# Partitioned Custom ML Model with Model Registry

### Partitioned restaurant traffic forecasting model

The dataset is loaded locally from the `Partitioned_Custom_Model_Restaurant_Traffic_Data.csv` file.

Change `"MY_DB"` and `"MY_SCHEMA"` to your desired existing database and schema.

In [1]:
from datetime import timedelta

import pandas as pd

from snowflake.ml.model import custom_model
from snowflake.ml.model import model_signature
from snowflake.ml.registry import registry
from snowflake.ml.utils.connection_params import SnowflakeLoginOptions
from snowflake.snowpark import Session
from snowflake.snowpark import functions as F


session = Session.builder.configs(SnowflakeLoginOptions(connection_name="my_connection")).create()

SnowflakeLoginOptions() is in private preview since 0.2.0. Do not use it in production. 

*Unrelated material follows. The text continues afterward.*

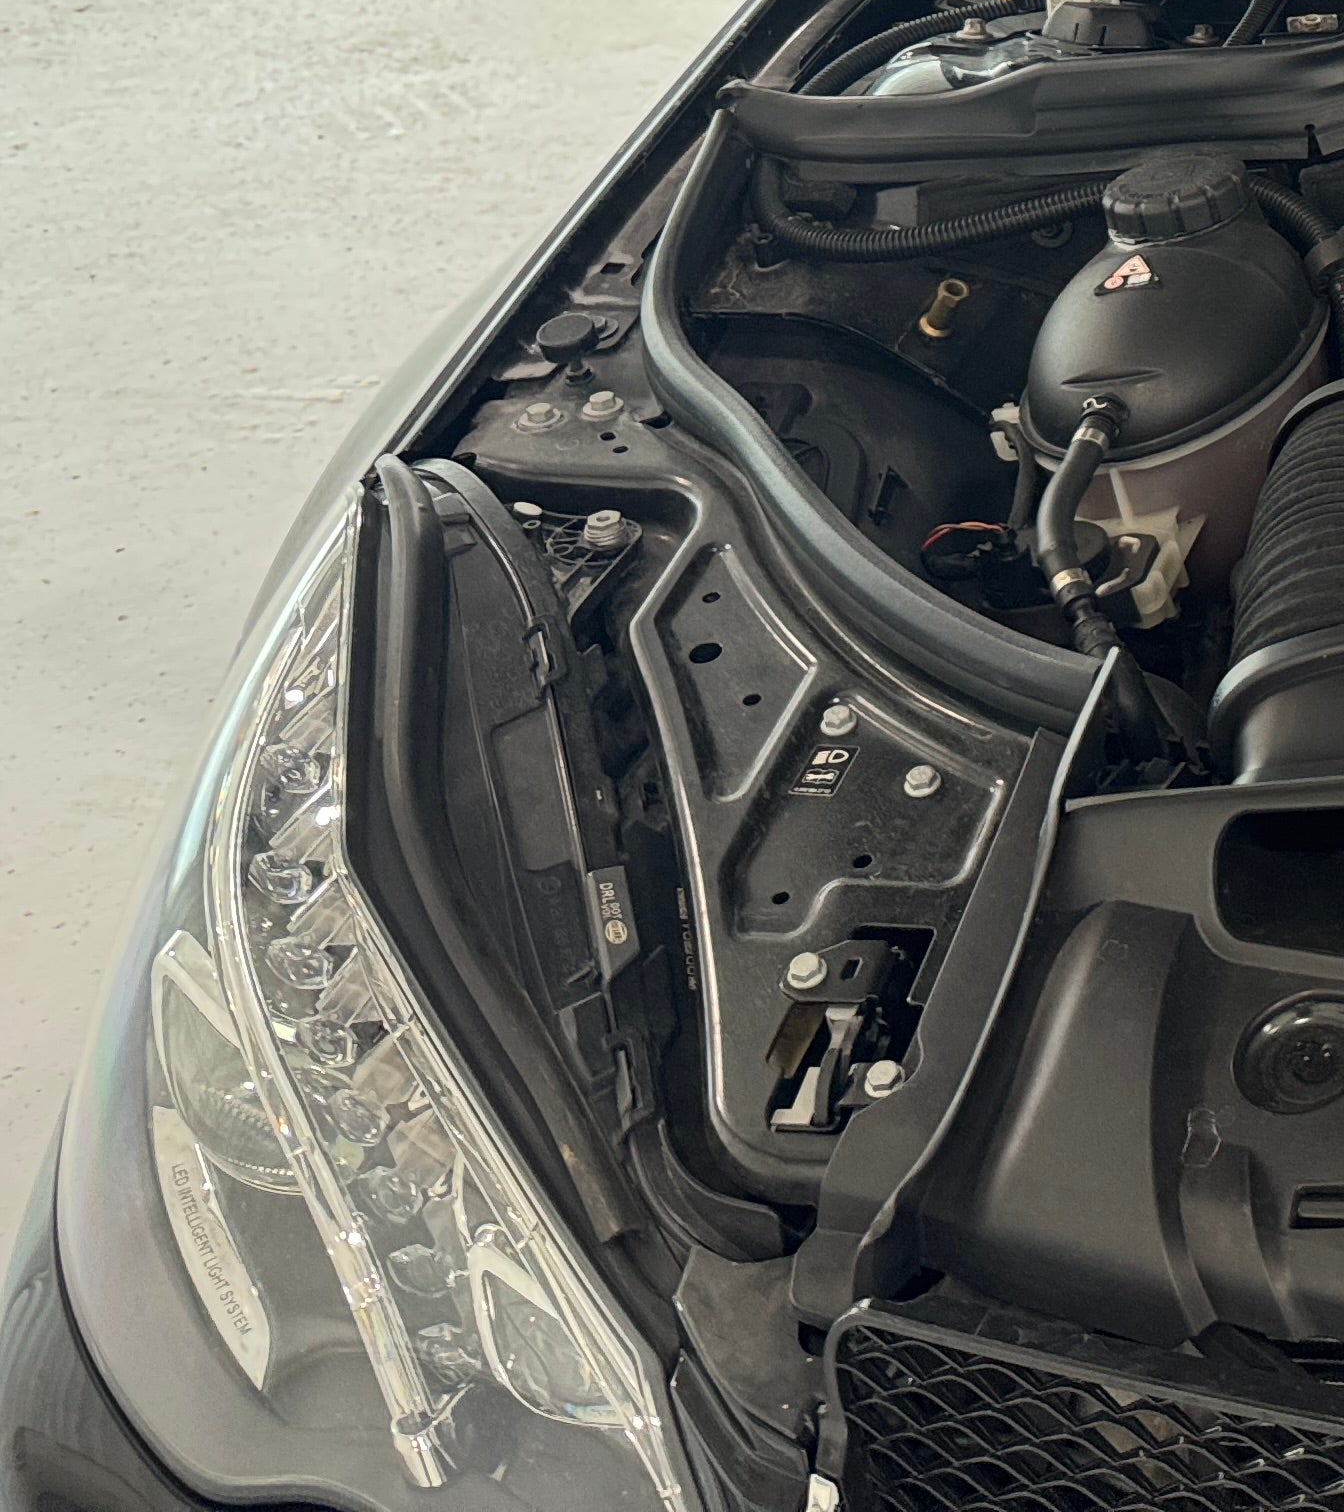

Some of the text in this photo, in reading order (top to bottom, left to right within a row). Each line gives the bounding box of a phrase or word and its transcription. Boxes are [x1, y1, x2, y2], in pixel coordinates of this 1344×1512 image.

[600, 882, 616, 904] DRL
[172, 1163, 253, 1336] LED INTELLIGENT LIGHT SYSTEM
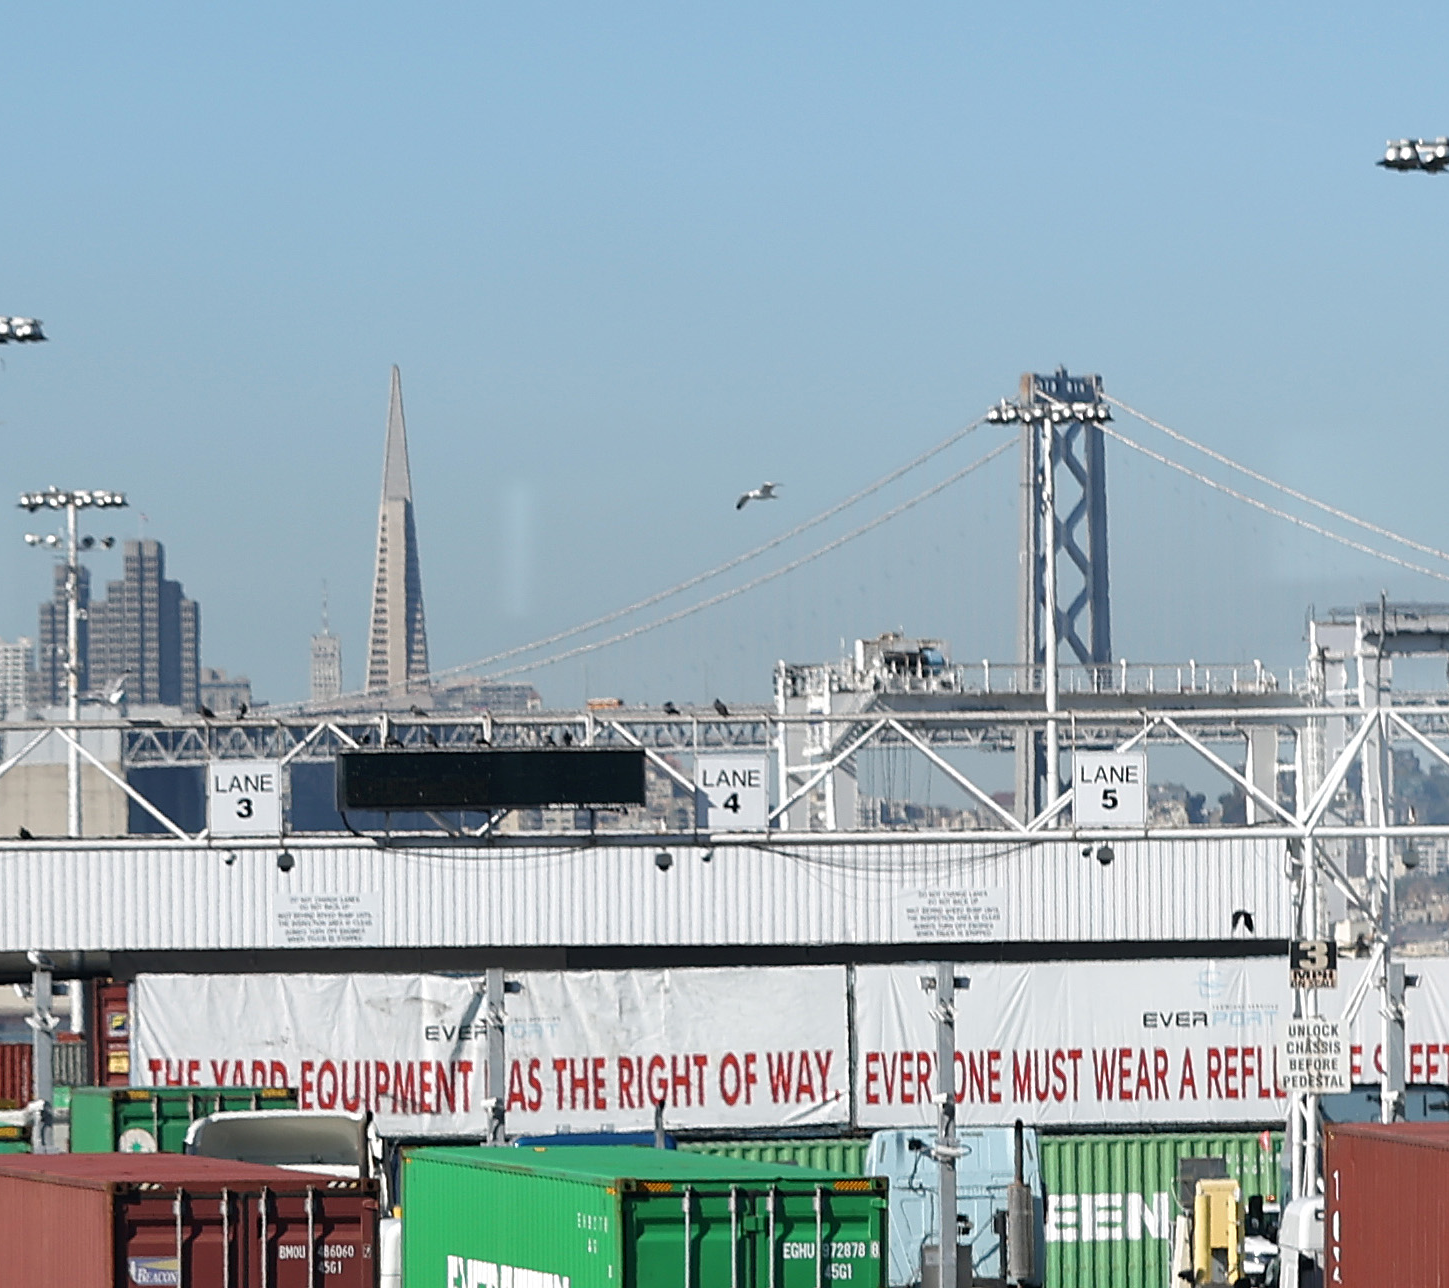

[Row(status='Statement executed successfully.')]

In [2]:
REGISTRY_DATABASE_NAME = "MY_DB"
REGISTRY_SCHEMA_NAME = "MY_SCHEMA"

reg = registry.Registry(session=session, database_name=REGISTRY_DATABASE_NAME, schema_name=REGISTRY_SCHEMA_NAME)

#### The dataset contains an epoch timestamp in milliseconds, a store ID which will later be used as a partition column, a feature column `COLLEGE_TOWN`, and a target to be forecasted, `HOURLY_TRAFFIC`.

In [3]:
# Load data from csv file into pandas dataframe.
test_df_pandas = pd.read_csv("Partitioned_Custom_Model_Restaurant_Traffic_Data.csv")
test_df = session.create_dataframe(test_df_pandas)
test_df.show()

--------------------------------------------------------------------
|"EPOCH"          |"STORE_ID"  |"COLLEGE_TOWN"  |"HOURLY_TRAFFIC"  |
--------------------------------------------------------------------
|1529154000000.0  |1.0         |1.0             |82                |
|1529182800000.0  |1.0         |1.0             |2                 |
|1529247600000.0  |1.0         |1.0             |35                |
|1529269200000.0  |1.0         |1.0             |9                 |
|1529326800000.0  |1.0         |1.0             |114               |
|1529514000000.0  |1.0         |1.0             |24                |
|1529697600000.0  |1.0         |1.0             |31                |
|1529424000000.0  |1.0         |1.0             |28                |
|1529575200000.0  |1.0         |1.0             |13                |
|1529931600000.0  |1.0         |1.0             |110               |
--------------------------------------------------------------------



In [4]:
test_df_pandas

Unnamed: 0,EPOCH,STORE_ID,COLLEGE_TOWN,HOURLY_TRAFFIC
0,1.529154e+12,1.0,1.0,82
1,1.529183e+12,1.0,1.0,2
2,1.529248e+12,1.0,1.0,35
3,1.529269e+12,1.0,1.0,9
4,1.529327e+12,1.0,1.0,114
...,...,...,...,...
5209580,1.668722e+12,112.0,0.0,0
5209581,1.668722e+12,140.0,1.0,0
5209582,1.668722e+12,163.0,0.0,0
5209583,1.668722e+12,182.0,0.0,0


In [5]:
class ForecastingModel(custom_model.CustomModel):

    # Use the same decorator as for methods with FUNCTION inference.
    @custom_model.partitioned_inference_api
    def predict(self, df: pd.DataFrame) -> pd.DataFrame:        
        import xgboost

        # Set the time column as our index.
        input_df = df.set_index('EPOCH')
        input_df.index = pd.to_datetime(df['EPOCH'], unit='ms')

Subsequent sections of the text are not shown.